Hack Your Brain to Change the Situation
These suggestions have to do with brain hacks: specifically, the idea of reframing the situation and of suggesting a “Best Practice.” Reframing means to present the scenario so that you can change the way that people see things and suggest an alternate solution.
In my experience, one of the most powerful reframing tools is “The Happy Path” – it’s basically a way of saying “when nothing goes wrong, this is the best expected outcome for the process” – and suggesting this path to the customer. When the customer is closest to the ideal persona (a user model popularized by Alan Cooper), then the combination of the Happy Path and the ideal persona can produce a documentation of the ideal customer experience.
Matching the Happy Path with the Real World
Except when it’s not the ideal customer experience, because as we know, the Happy Path and the Ideal Persona rarely meet. It’s also really important to be able to say no instead of maybe to a customer who’s trying to do something that doesn’t really fit the experience.

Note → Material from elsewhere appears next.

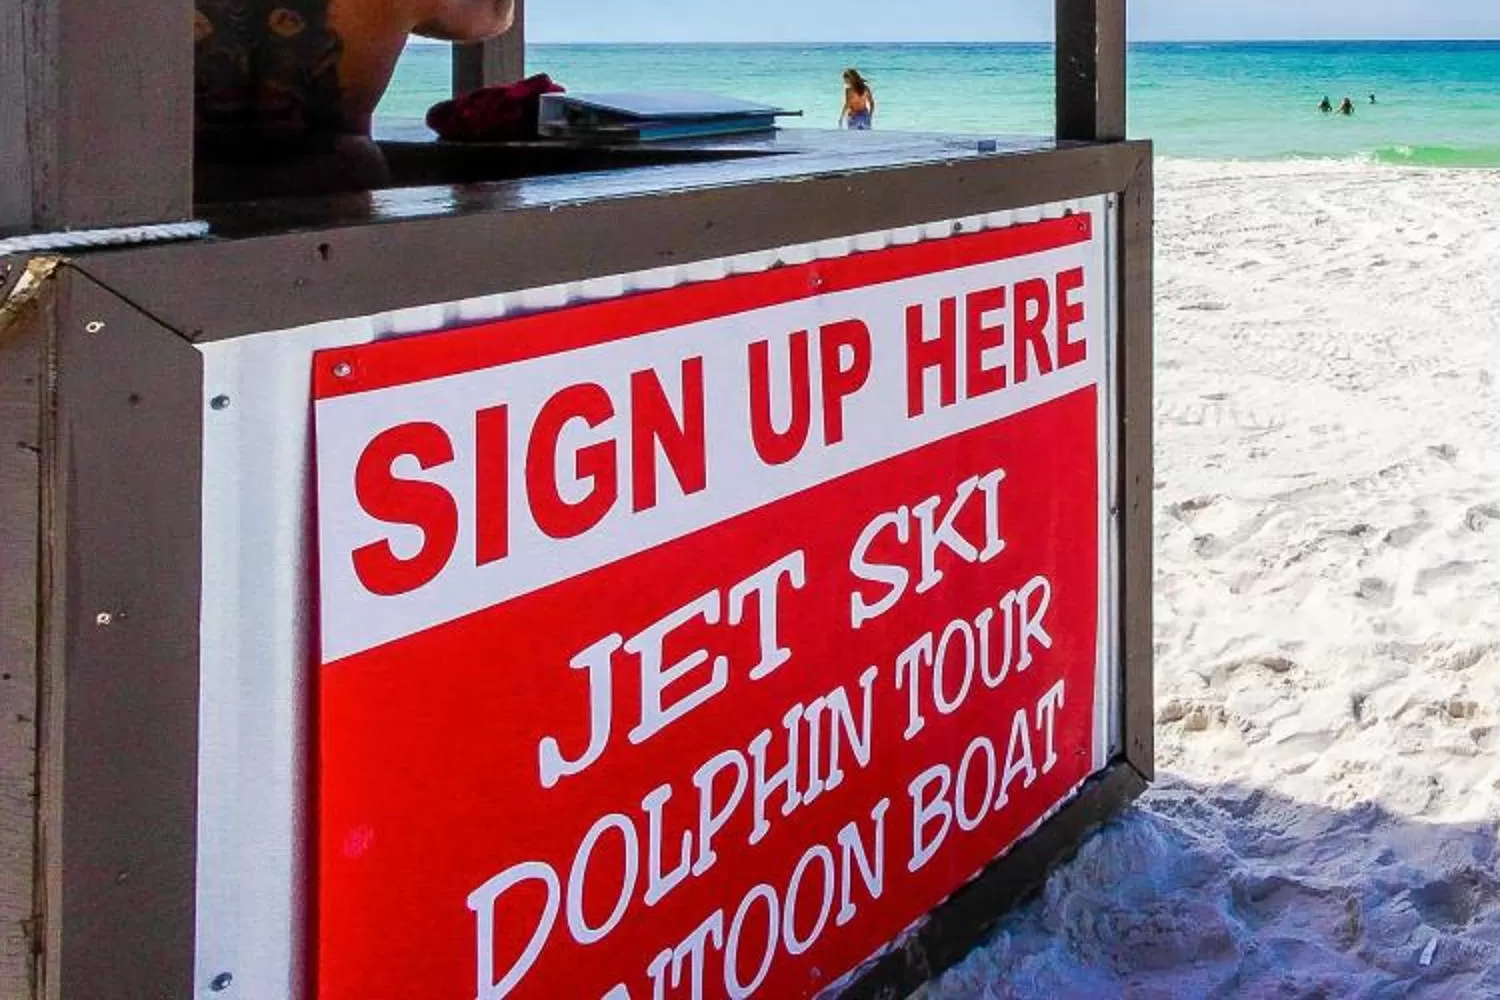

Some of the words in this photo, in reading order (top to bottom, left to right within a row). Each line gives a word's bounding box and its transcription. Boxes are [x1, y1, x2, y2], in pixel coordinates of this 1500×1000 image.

It’s tempting to let them wander on and come up with an “almost” solution, and this often causes problems later on from a support or experience perspective when the “almost” solution encounters a hitch or a bug or a change of mind. So how can you introduce a bit of the Happy Path to the customer without diverting them dramatically or by trying to create a kind of customer model that they can’t ever meet?
The Just-in-Time Happy Path
One way to do this – especially in a feature rich product – is to uncover the right solution to a problem that they didn’t know that they have yet. An example from the CRM and Customer Service world is the ability to combine merge text (variables that substitute values from a case, customer, or company) with pre-written or “canned” content. By adding this very simple change, you can turn formulaic content into something a bit more personal, and streamline what could be a tedious manual process.
How can I learn more about Personas?
To get started, you can read the Cooper Group’s Guide to Personas. You should also read this article about making personas your team can actually believe in and embrace. Finally, consider this article about making sure that the details of your personas are grounded in fact and not just in vague description.
Great stories from this week
Why our brains like short-term goals (from Entrepreneur Magazine)
Setting an experience and a reward is better than just money (from Digital Telepathy)
Using Bloom’s Taxonomy to Teach Critical Thinking (via @getlittlebird)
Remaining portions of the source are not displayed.